As our anniversary date rolls around again, I've noticed conversations around campus are turning toward the tragedy more frequently of late. It's interesting, the things that people remember--and the things that trigger those memories. One of my colleagues remarked the other day that the sound of helicopters flying overhead has made her uneasy ever since that day, when between news organizations, air ambulances, and police operations, there must have been at least half a dozen helos in the air above campus at any given time. One of my triggers is the sight of news trucks--for a good month (or maybe it only seemed that long), there were a dozen or more of them parked in a line somewhere on campus.
I was reminded of that trigger a couple of weeks ago, when one of my rougher edges also came to the fore. Not long after the shootings, then-Gov. Rod Blagojevich came to campus to announce that the state would provide $40 million to tear down Cole Hall (the site of the shootings) and replace it with a new, improved lecture facility. That never happened, but the state did commit to provide some money for renovating half of Cole, and for repurposing the part where the shootings took place. Just before the Illinois primary election, now Gov. Pat Quinn also came to campus, to announce that he was releasing that part of the state construction funds allocated to the Cole repairs. I was out running an errand that morning and, as I often do, had to walk past Cole Hall and the memorial garden. Coming up toward the campus commons, I spotted a couple of news trucks parked in the visitors' lot, presumably for the governor's press conference--and I winced. I know they have a job to do, and I know that, sadly, their customers expect them to do rude things like shove microphones into the faces of people who would like nothing better than to be left alone. I have some experience in journalism myself--but it's hard to get rid of my feelings of rancor toward the profession, after seeing (and personally experiencing) their intrusive presence so frequently in the days and weeks after the shootings.
As I said the day after it happened:
It was said in many places yesterday, including the local bar where I met up with one of my fellow history graduate students for a few pints of Guinness, that if anyplace on earth should be safe, it should be a college classroom.
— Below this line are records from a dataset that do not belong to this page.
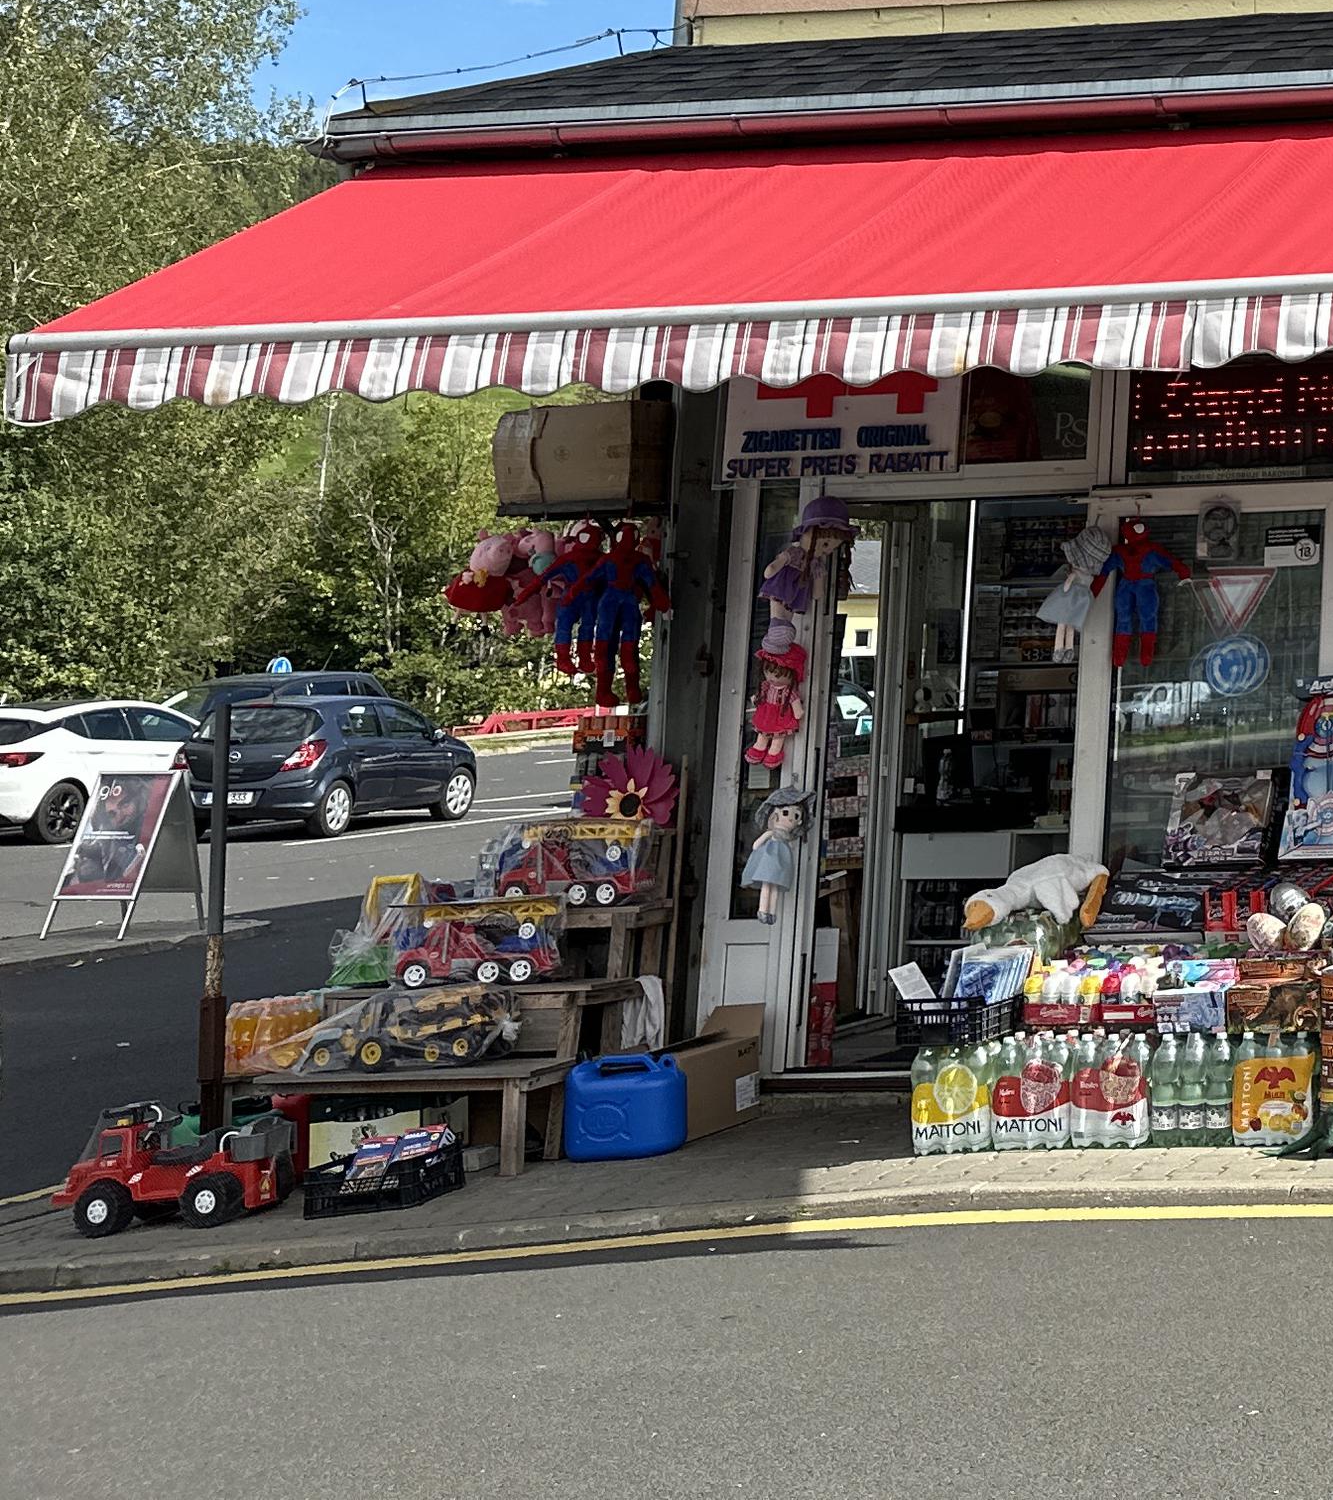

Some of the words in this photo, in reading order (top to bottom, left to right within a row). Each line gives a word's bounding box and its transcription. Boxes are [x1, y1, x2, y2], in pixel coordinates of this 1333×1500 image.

[741, 427, 842, 453] ZIGARETTEN
[856, 424, 931, 448] ORIGINAL
[726, 457, 791, 479] SUPER
[800, 453, 857, 477] PREIS
[869, 450, 949, 473] RABATT
[1298, 546, 1311, 557] 18
[100, 779, 122, 800] glo
[1241, 1066, 1251, 1127] MATTONI
[915, 1120, 981, 1141] MATTONI
[995, 1118, 1062, 1134] MATTONI
But, as President Peters noted yesterday and again this morning, short of putting armed guards on every door to every building at every public institution across the country, there is no way to guarantee that kind of safety. To borrow a phrase from the second-season opener of The West Wing, yesterday's events, like those of last year at Virginia Tech, or the brutal murder of one student by another at my alma mater some years ago, were the work of madmen--or at the very least of individuals who were not fully compos mentis but who were determined to carry out their plans. We can't protect ourselves from that kind of individual or those kinds of plans--and we're only fooling ourselves if we believe otherwise... If we live our lives in fear of what may happen, can we really be said to be living at all?
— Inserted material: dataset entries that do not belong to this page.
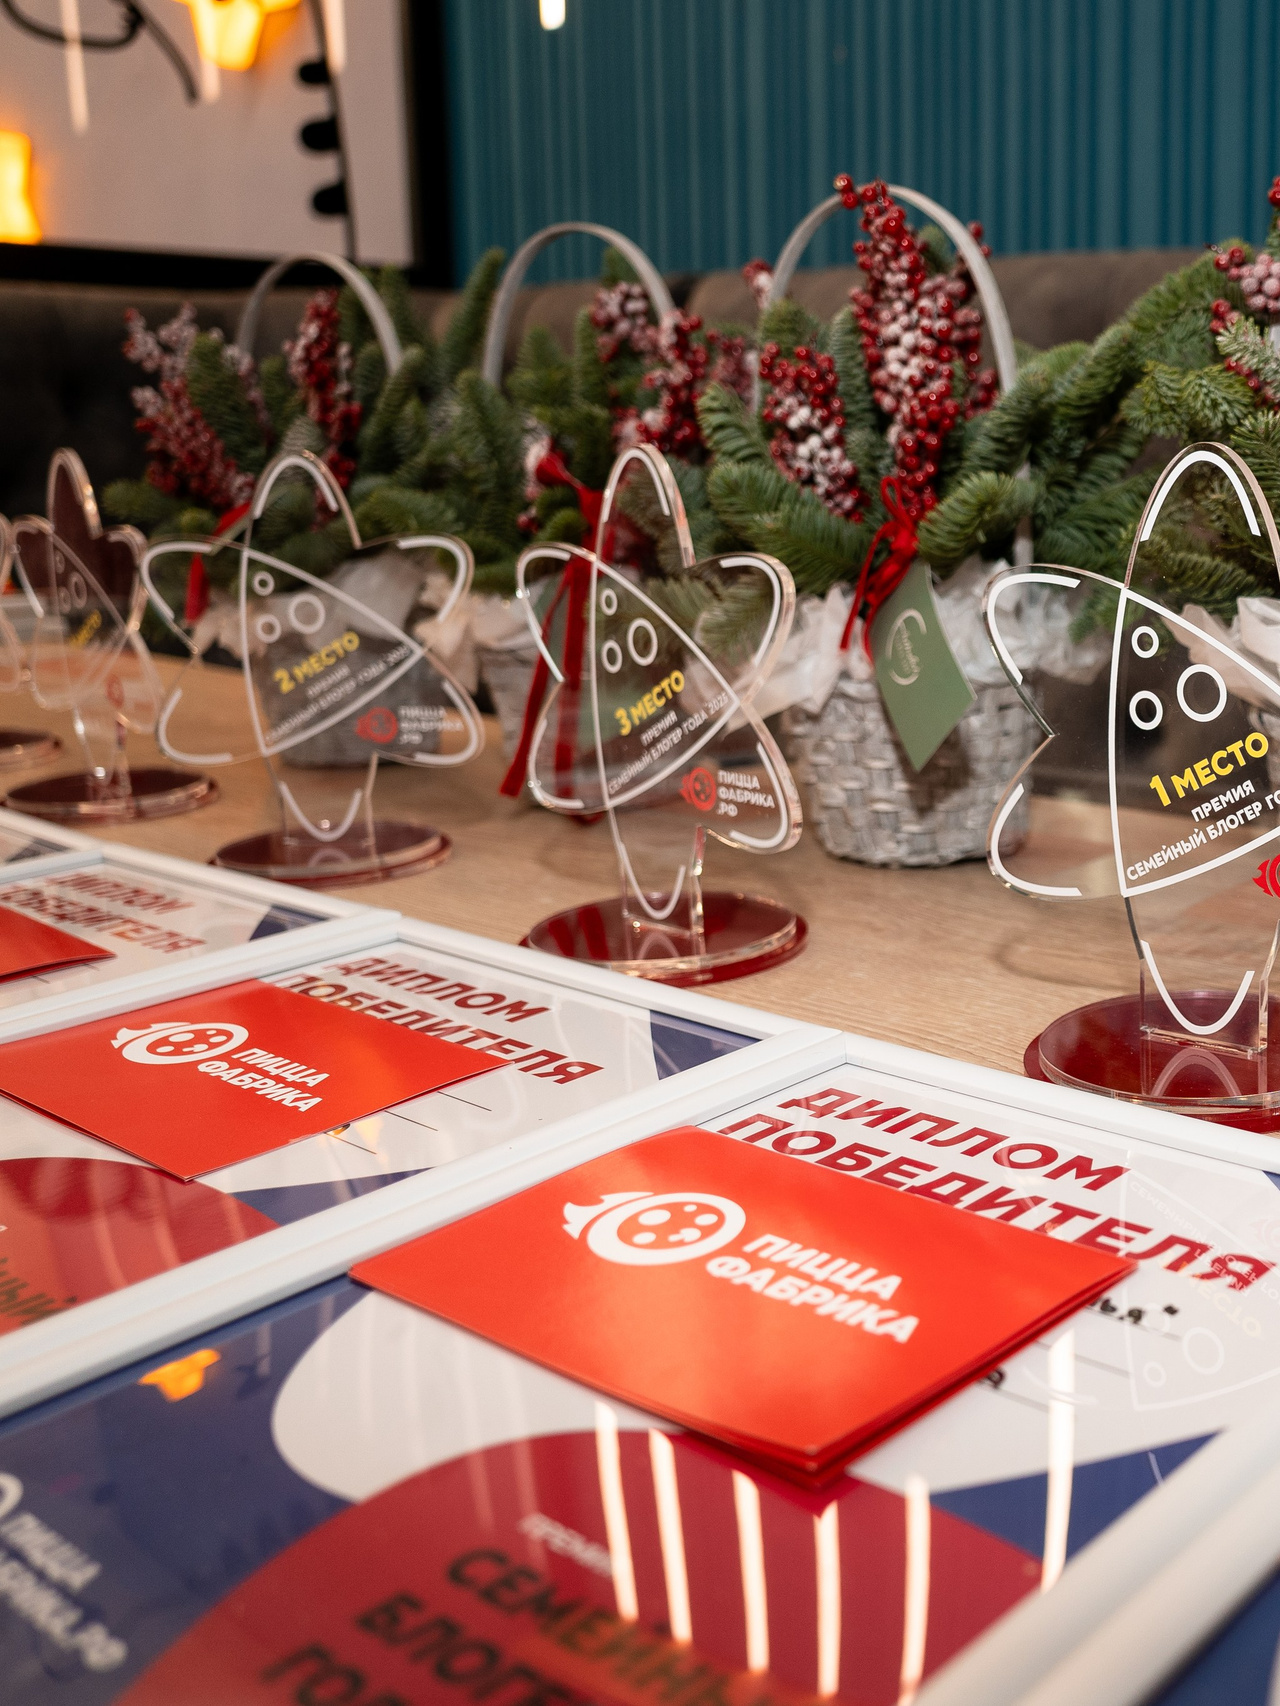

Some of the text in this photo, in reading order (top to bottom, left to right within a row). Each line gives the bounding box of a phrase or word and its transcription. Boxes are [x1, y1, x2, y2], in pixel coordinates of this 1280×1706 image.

[273, 630, 360, 694] 2 МЕСТО
[614, 669, 686, 736] 3 МЕСТО
[640, 710, 678, 746] ПРЕМИЯ
[608, 749, 653, 795] СЕМЕЙНЫЙ
[651, 727, 683, 761] БЛОГЕР
[682, 710, 708, 736] ГОДА
[717, 770, 761, 790] ПИЦЦА
[1149, 731, 1270, 807] 1 МЕСТО
[717, 787, 776, 809] ФАБРИКА
[717, 803, 739, 818] .РФ
[1191, 779, 1256, 822] ПРЕМИЯ
[1125, 827, 1207, 882] СЕМЕЙНЫЙ
[1207, 801, 1263, 841] БЛОГЕР
[324, 957, 552, 1023] ДИПЛОМ
[197, 1061, 323, 1112] ФАБРИКА
[231, 1048, 330, 1087] ПИЦЦА
[776, 1088, 1130, 1192] ДИПЛОМ
[717, 1113, 1278, 1291] ПОБЕДИТЕЛЯ
[706, 1256, 920, 1343] ФАБРИКА
[742, 1233, 902, 1300] ПИЦЦА
I know it's a pipe dream to hope (much less think or expect) that I or anyone else in the NIU family is ever likely to get back to that sense of "It can't happen here" that we enjoyed in our blissful ignorance until two years ago. But I want to! I want that placid, peaceful campus back. I want to inhabit a world where the sound of sirens or the sight of news vans doesn't make me cringe. I want to go back to the me that could respond compassionately to news of campus shootings like the one at UAH on Friday, but without the deep visceral ache that came along with the realization that it was now my duty to help welcome another reluctant member into the club that nobody wants to join.
But I can't. I have to do those things, because that's the only way we ever get close to anything resembling sanity. And it's the only way that I want to live my life. I will not, in the words of NIU President John G. Peters, allow a single act of violence to define me, or keep me from being who I am and doing what I do.
I'll be going to campus this afternoon for the memorials and the candlelight vigil because, while the campus and I have moved "forward, together forward," in the words from the NIU fight song that form the title of this post and which have become an unofficial campus motto in the aftermath of our collective tragedy, it is important to remember as well, and even more so to reflect. And so I will close with a repeat (with minor adaptations) of the prayer I posted here two years ago:
Gentle God of all compassion, we call to You:Welcome into the Blessed Presence the souls of those who died untimely two years ago this day, and who are named above.
Bind up the wounds--physical, mental, and spiritual--of those affected by this tragedy, those mourning their losses, and those who responded so bravely and without regard to their own personal safety. Do likewise for all those affected by the tragic shootings at the University of Alabama in Huntsville this past Friday.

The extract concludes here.